Abstract

ABSTRACTAim: To examine whether level of manual ability modifies the response to an intensive program combining modified constraint and bimanual training on arm functioning children with unilateral cerebral palsy (UCP). Methods: Thirty-four children aged 6–11 years, with Manual Ability Classification System (MACS) levels I–III (I:8, II:15, III:11), participated in a 2-week program, combining an hour of modified constraint with 5 hr of bimanual practice daily. The Assisting Hand Assessment (AHA) and the Jebsen–Taylor Test of Hand Function (JTTHF) were done pre-, post-, and 3-months post-intervention. Results: Mean AHA logits unit scores increased overtime (F2;50 = 5, p = 0.01).

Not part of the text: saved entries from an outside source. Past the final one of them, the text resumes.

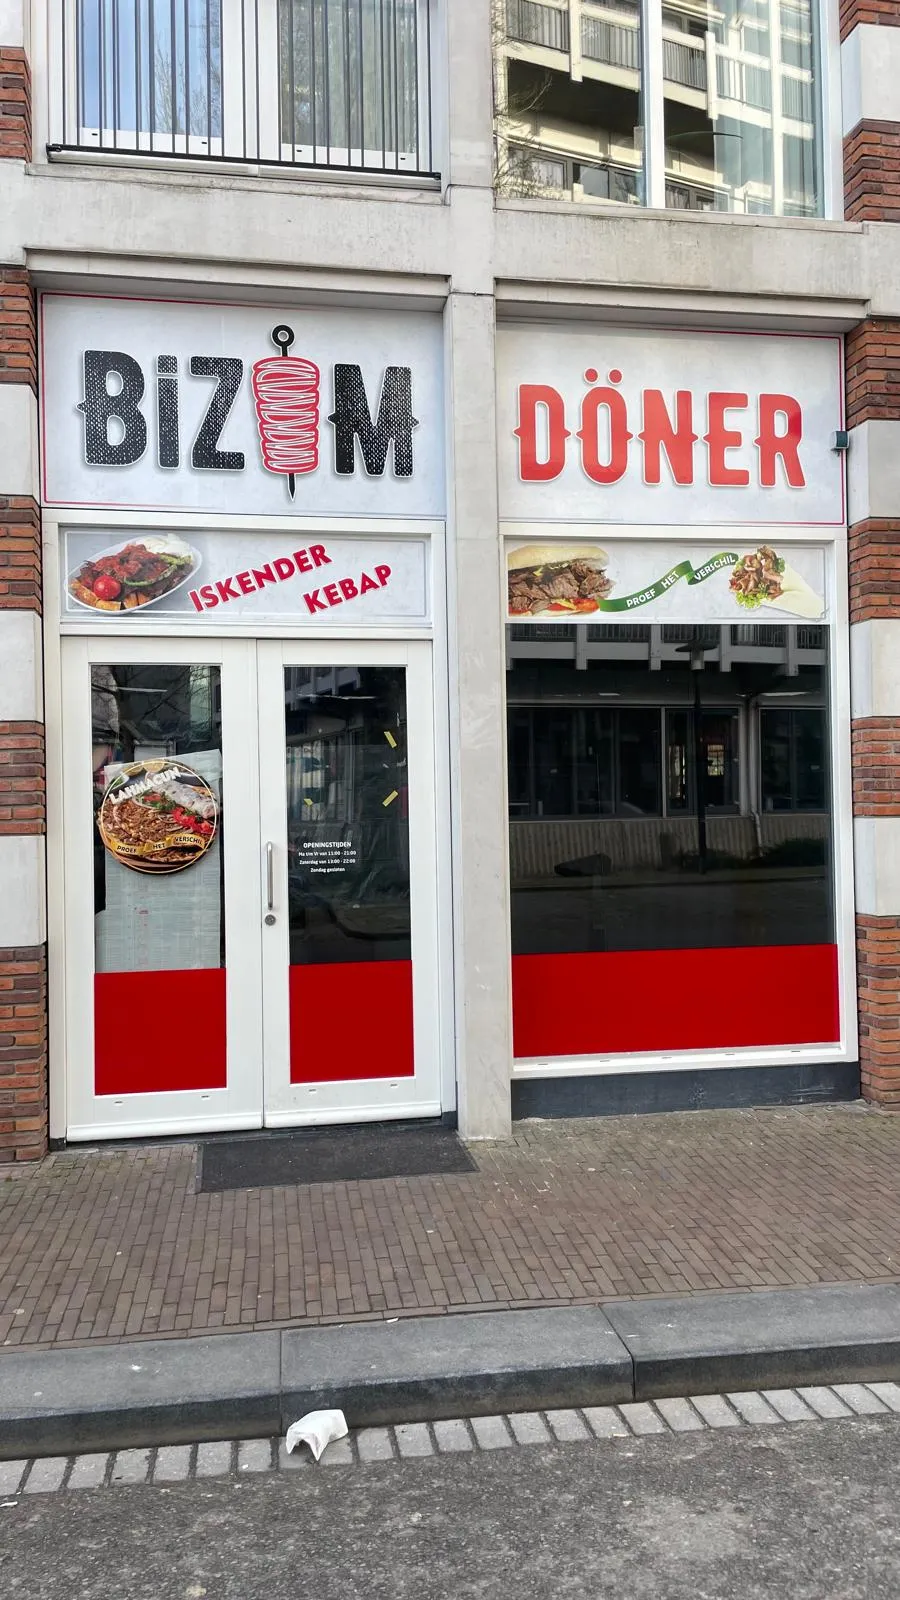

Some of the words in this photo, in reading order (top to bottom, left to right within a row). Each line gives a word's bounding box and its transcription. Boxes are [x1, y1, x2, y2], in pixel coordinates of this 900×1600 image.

[513, 368, 807, 488] DÖNER
[188, 543, 332, 613] ISKENDER
[302, 564, 392, 615] KEBAP
[626, 588, 656, 608] PROEF
[660, 570, 680, 589] HET
[694, 554, 736, 581] VERSCHIL
[108, 766, 181, 805] LAHMACUN

There was no significant difference in AHA logits units change score between MACS levels (F4;56 = 1.4, p = 0.22). JTTHF scores did not change for either the affected or less-affected hand, although a significant interaction of time and MACS level was found in the less-affected side (F4;58 = 6.5, p < 0.01). Children in MACS levels I and II improved by similar degrees, in comparison to children at MACS level III who demonstrated significantly greater change over time. Conclusion: While a similar trend of improvement was found in the bimanual abilities of children at all MACS levels, only children at MACS level III had improved performance in unilateral abilities in the less-affected side following intervention.